Hi, I have a problem with a project I’m developing with Pytorch (Autoencoders for anomaly detection).
I have a very large training set composed of over 400000 images, each of size (256,256,4), and in order to handle it in an efficient way I decided to implement a custom Dataset by extending the pytorch corresponding class. The images are contained in a folder called DATASET, which contains another folder called “train”, which contains another folder called “clean” with all the images of the training set. Same for the test set, where there’s a folder called “test”, inside of which there are other folders with images corresponding to specific labels.
The DataSet class apparently works, but when I create the corresponding Dataloader it doesn’t work anymore.
This is the implementation of my Dataset:
class ImageDataset(Dataset): def __init__(self, directory, transform=None): self.paths = list(paths.list_images(directory)) self.transform = transform self.classes, self.class_to_idx = torchvision.datasets.folder.find_classes(directory) def __len__(self): return len(self.paths) def __getitem__(self, index): img = Image.open(self.paths[index]) if self.transform: img = self.transform(img) label = os.path.basename(os.path.dirname(self.paths[index])) class_idx = self.class_to_idx[label] return img, class_idx def get_classes(self): return self.classes def get_name(self, index): return self.paths[index]
where “directory” is the directory that contains the images. “self.paths” is a list of paths to all the images inside the folder “directory”. " As needed, I implemented the len method and also the getitem, where I open the img using Image.open and selecting the path corresponding to “index”. I also implemented other two methods that I need for another function.
This is how I get the train directory:
train_dir = Path('DATASET').joinpath('train')
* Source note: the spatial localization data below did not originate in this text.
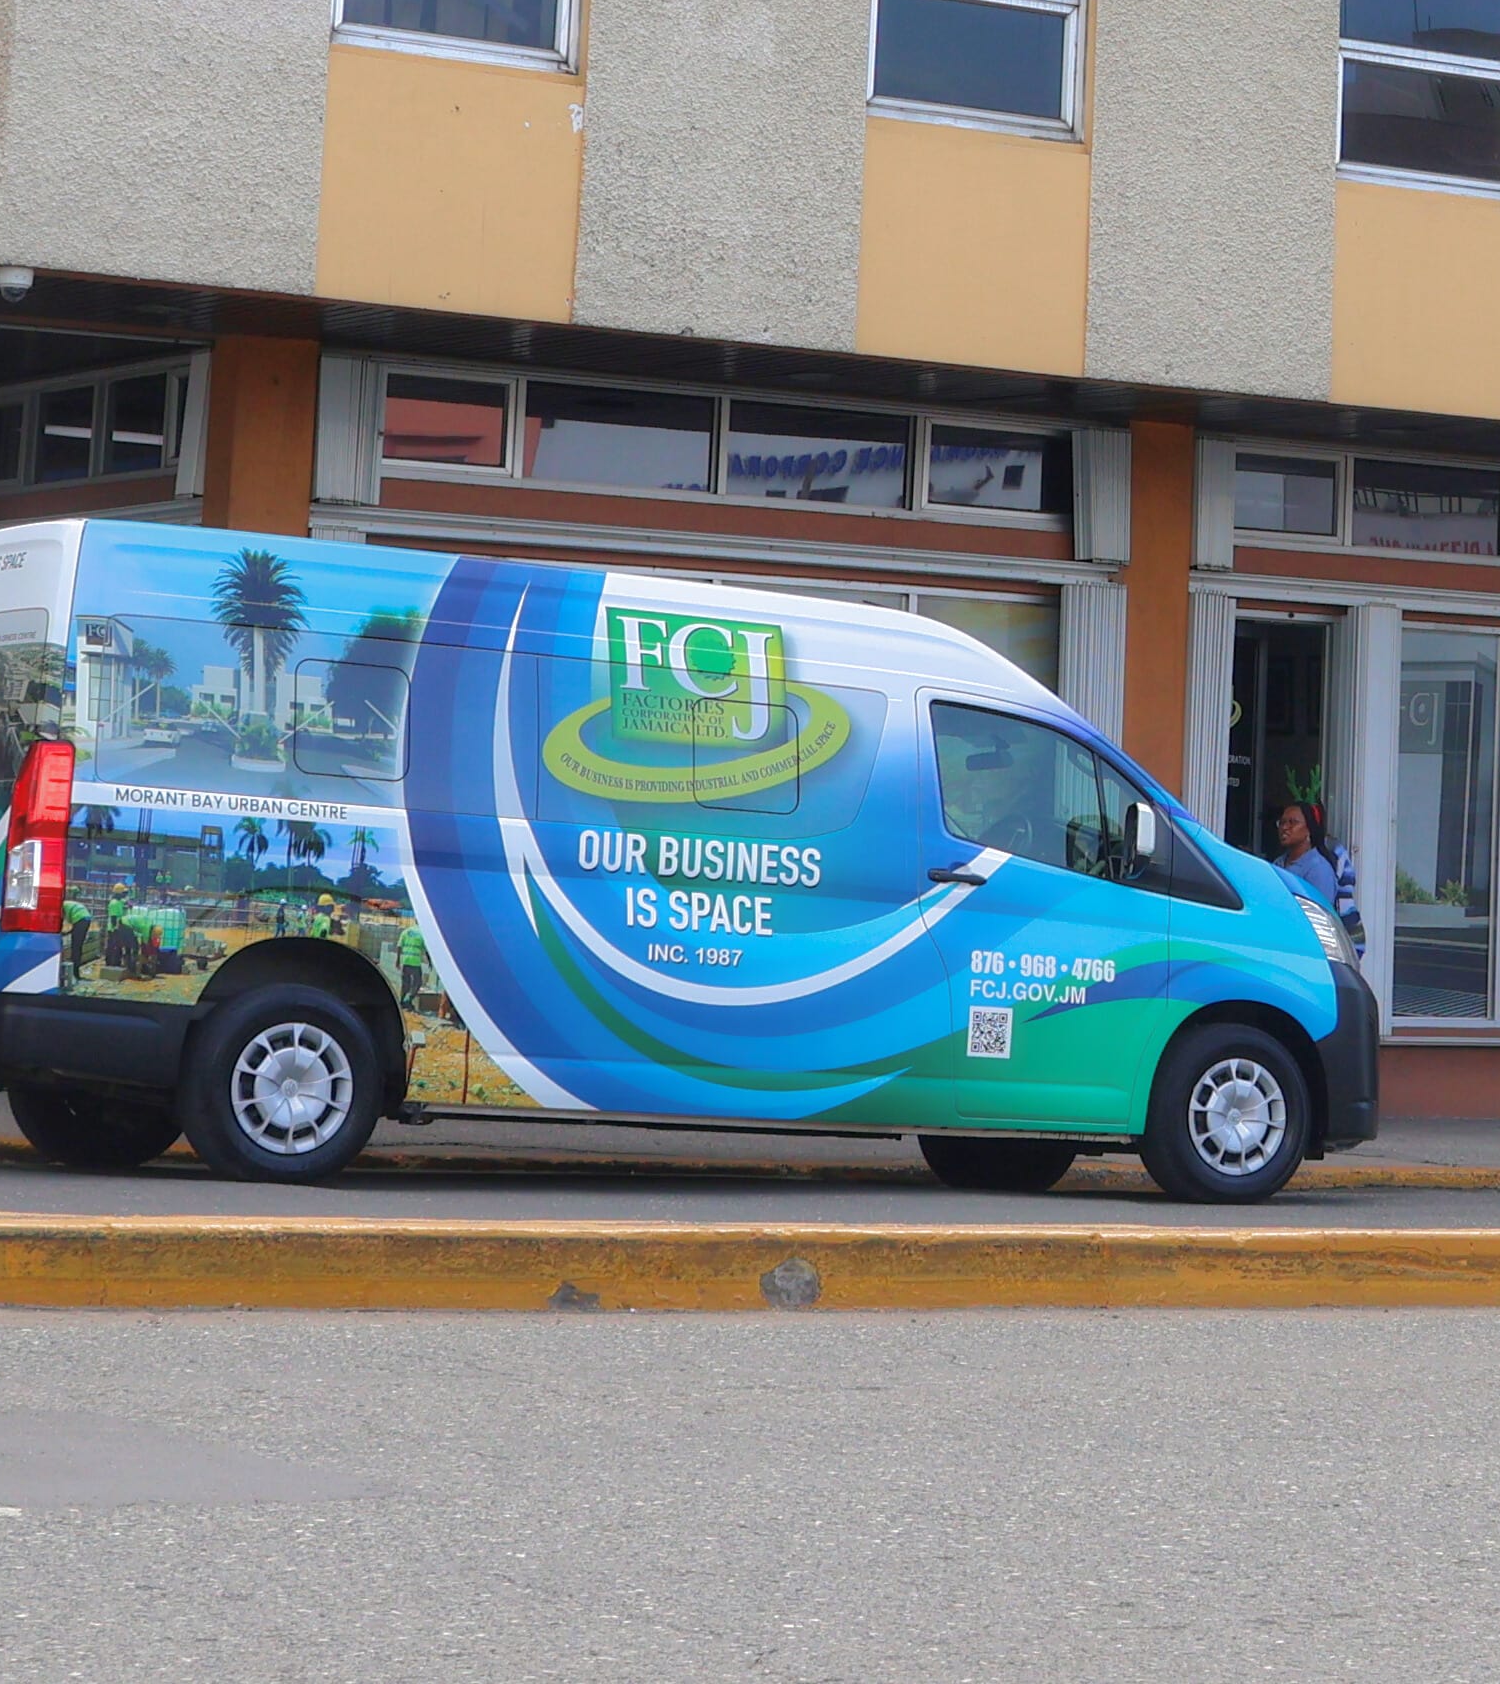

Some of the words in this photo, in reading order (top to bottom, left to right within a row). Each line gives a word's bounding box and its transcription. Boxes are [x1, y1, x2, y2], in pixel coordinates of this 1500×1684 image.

[615, 615, 774, 742] FCJ
[622, 692, 725, 716] FACTORIES
[622, 707, 698, 723] CORPORATION
[708, 715, 725, 726] OF
[622, 717, 692, 735] JAMAICA
[695, 724, 728, 740] LTD.
[1400, 692, 1442, 747] CJ
[560, 752, 580, 773] OUR
[580, 766, 623, 789] BUSINESS
[625, 779, 634, 790] IS
[635, 779, 685, 793] PROVIDING
[686, 773, 740, 792] INDUSTRIAL
[741, 770, 760, 784] AND
[759, 743, 819, 779] COMMERCIAL
[814, 720, 837, 749] SPACE
[115, 787, 188, 806] MORANT
[192, 793, 224, 810] BAY
[227, 796, 284, 815] URBAN
[287, 802, 348, 820] CENTRE
[578, 829, 647, 874] OUR
[657, 835, 822, 888] BUSINESS
[625, 887, 657, 928] IS
[668, 890, 773, 937] SPACE
[647, 943, 689, 963] INC.
[695, 947, 743, 967] 1987
[1071, 958, 1116, 983] 4766
[970, 979, 1087, 1005] FCJ.GOV.JM
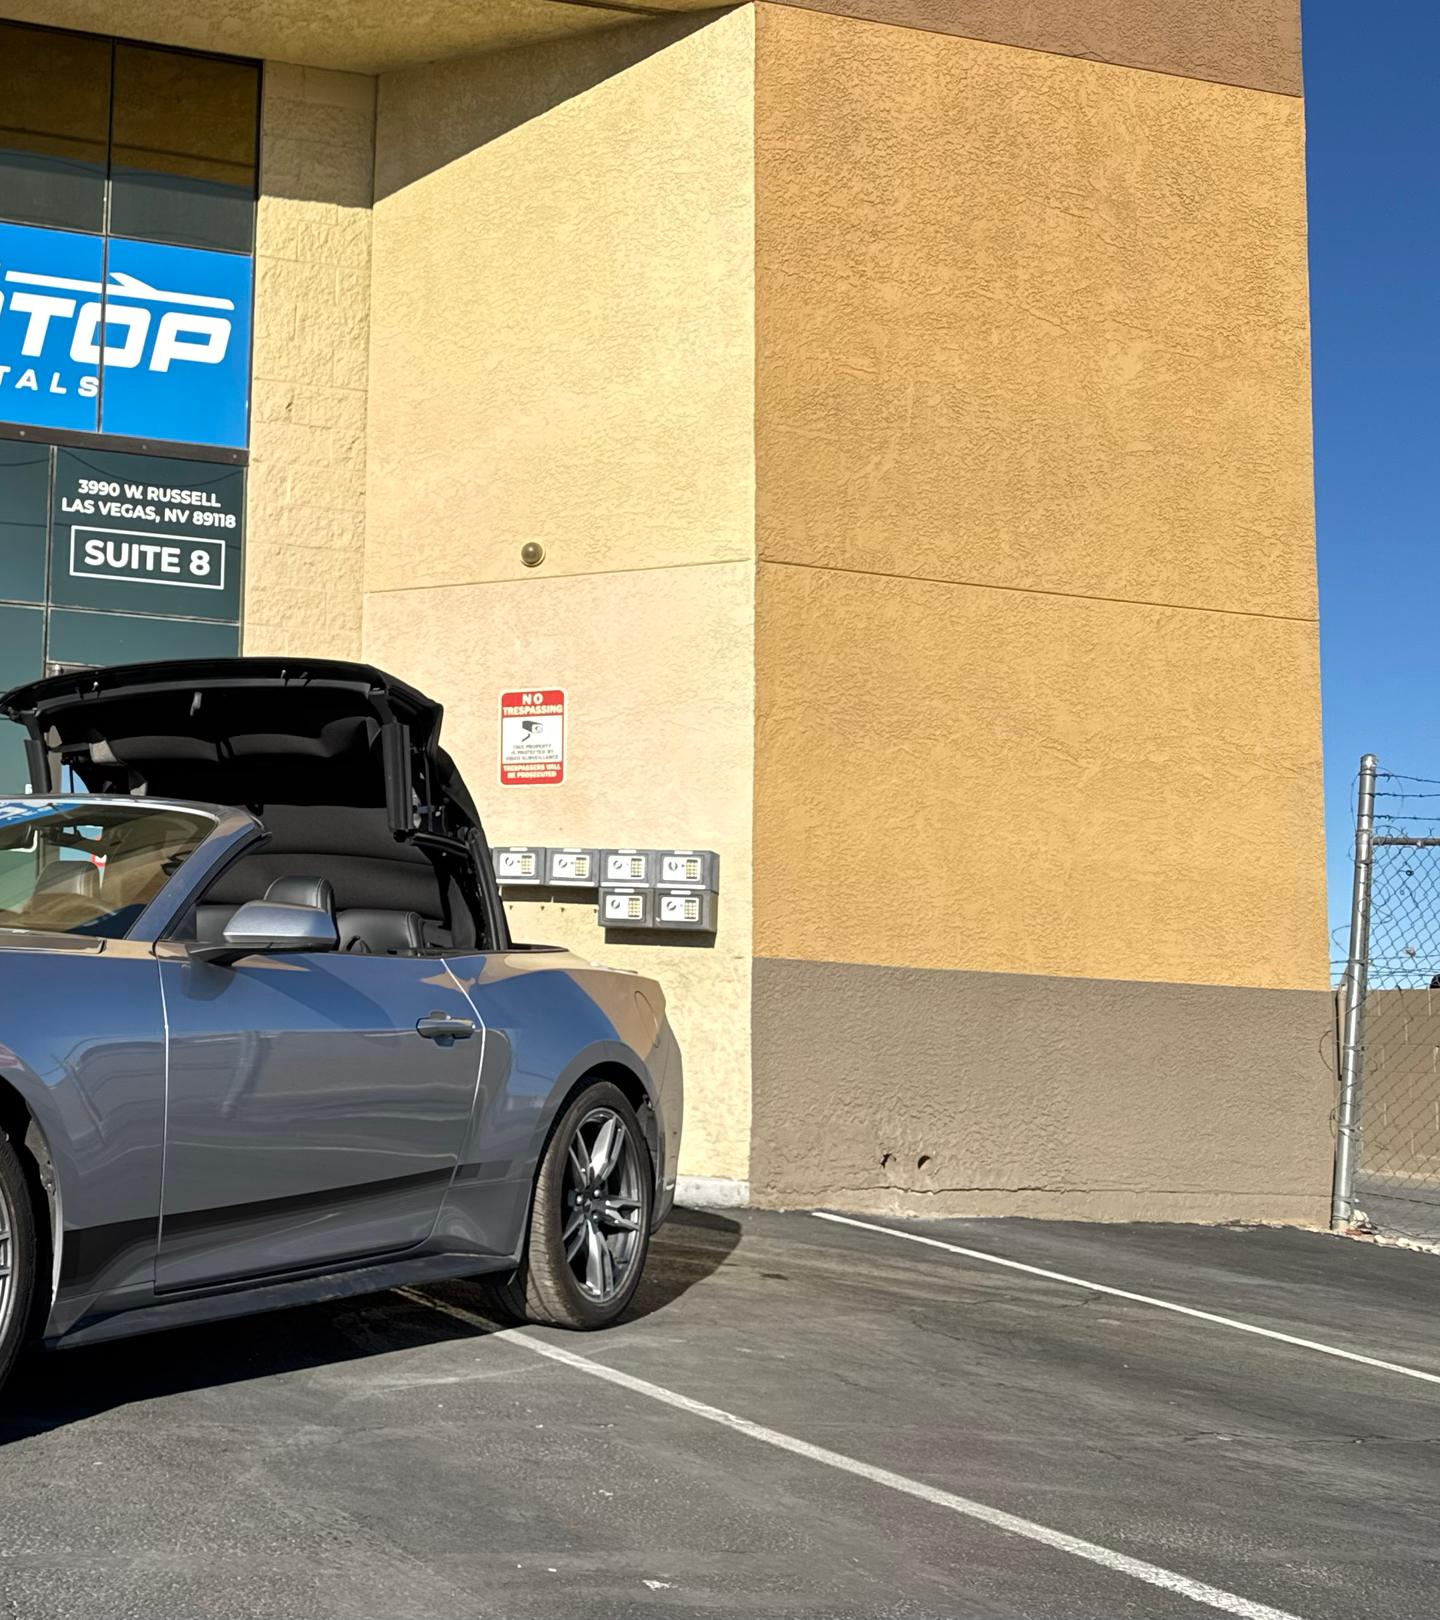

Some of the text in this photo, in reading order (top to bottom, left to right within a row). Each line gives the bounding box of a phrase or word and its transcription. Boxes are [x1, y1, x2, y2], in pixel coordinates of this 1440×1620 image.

[78, 479, 120, 497] 3990
[147, 486, 221, 507] RUSSELL
[62, 497, 236, 528] LAS VEGAS, NV 89118
[84, 539, 210, 576] SUITE 8
[503, 704, 563, 716] TRESPASSING
[522, 693, 543, 705] NO
If I try to create the Datasets for the training and the test, apparently it works:
dataset_to_split = ImageDataset(train_dir, transform=ToTensor()) test_dataset = ImageDataset(test_dir, transform=ToTensor()) print("Number of images in the whole train dataset: ", len(dataset_to_split)) print("Classes of the train dataset: ", dataset_to_split.classes, "\n") print("Number of images in the test dataset: ", len(test_dataset)) print("Classes of the test dataset: ", test_dataset.classes)
I get the following output:
Number of images in the whole train dataset: 435404
Classes of the train dataset: [‘clean’]
Number of images in the test dataset: 15055
Classes of the test dataset: [‘clean’, ‘dos11’, ‘dos53’, ‘scan11’, ‘scan44’]
If then I try to print one element of the dataset like this:
print(dataset_to_split) print("\n\n", test_dataset)
I correctly get a tuple containing the tensor (so the image) and the label in both cases (for the labels I get 0 in the first case, 4 in the second, which is correct). That’s why I say that apparently it works.
But when I try to create the dataloader (for example considering the test_dataset, but with the other one the issue is exactly the same) it just does not print anything and the kernel enters in an infinite loop without doing anything:
batch_size = 10 test_dataloader = DataLoader(test_dataset, batch_size, shuffle=False, num_workers=os.cpu_count())
And then if I try to print the labels (or any other thing) in this way, it does not do anything:
for batch, label in test_dataloader: print(label)
Any idea? I really don’t understand what’s wrong in my code.
Thank you very much
EDIT: I forgot to say that if I try to print the length of test_dataloader:
I got 1506 as output, which is correct since the lenght of test_dataset is 15055.